## TASK TO COMPLETE
Your output should reproduce each entry exactly, with none of its pictures.

============

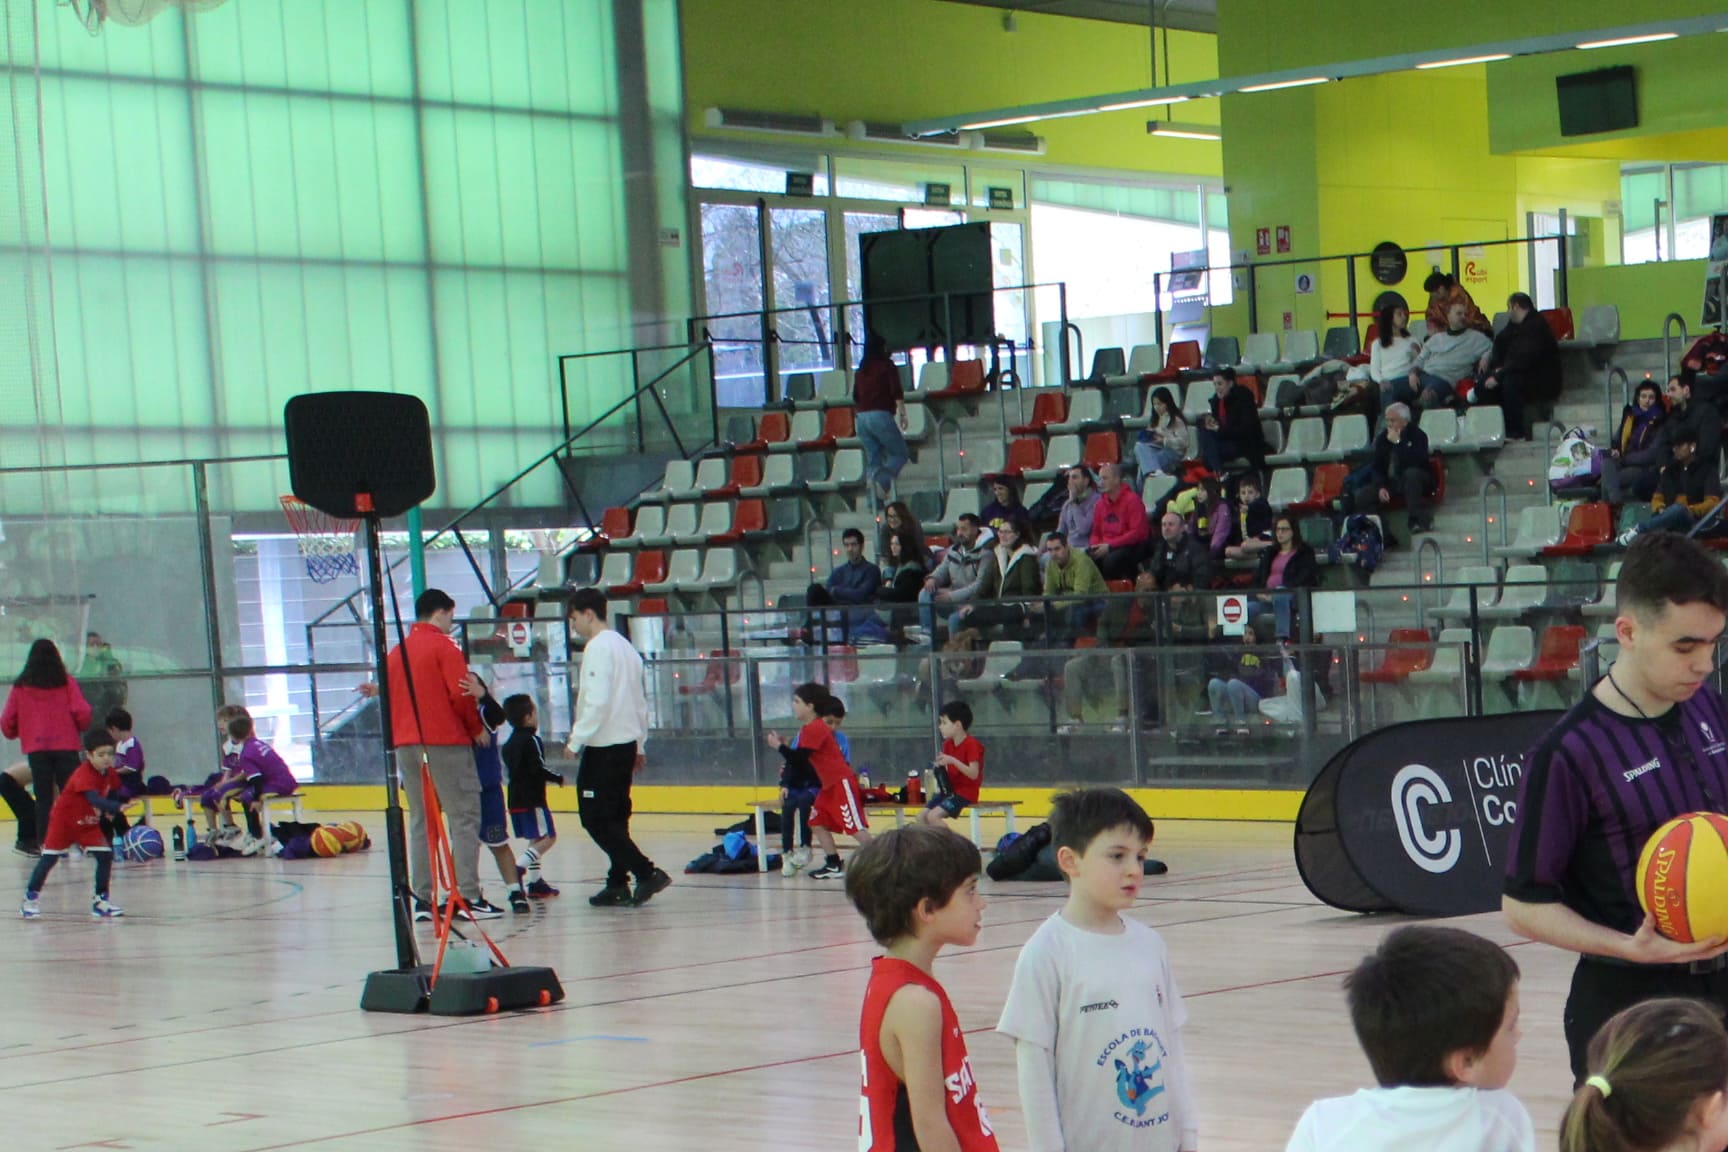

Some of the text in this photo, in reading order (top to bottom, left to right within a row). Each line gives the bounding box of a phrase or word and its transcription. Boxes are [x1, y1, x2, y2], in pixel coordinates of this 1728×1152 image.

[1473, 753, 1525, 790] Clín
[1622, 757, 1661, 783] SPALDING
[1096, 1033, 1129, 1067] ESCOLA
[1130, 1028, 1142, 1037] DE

============

## WORKED SOLUTION
Some of the text in this photo, in reading order (top to bottom, left to right within a row). Each line gives the bounding box of a phrase or word and its transcription. Boxes are [x1, y1, x2, y2], in pixel coordinates of this 1728×1152 image.

[1473, 753, 1525, 790] Clín
[1622, 757, 1661, 783] SPALDING
[1096, 1033, 1129, 1067] ESCOLA
[1130, 1028, 1142, 1037] DE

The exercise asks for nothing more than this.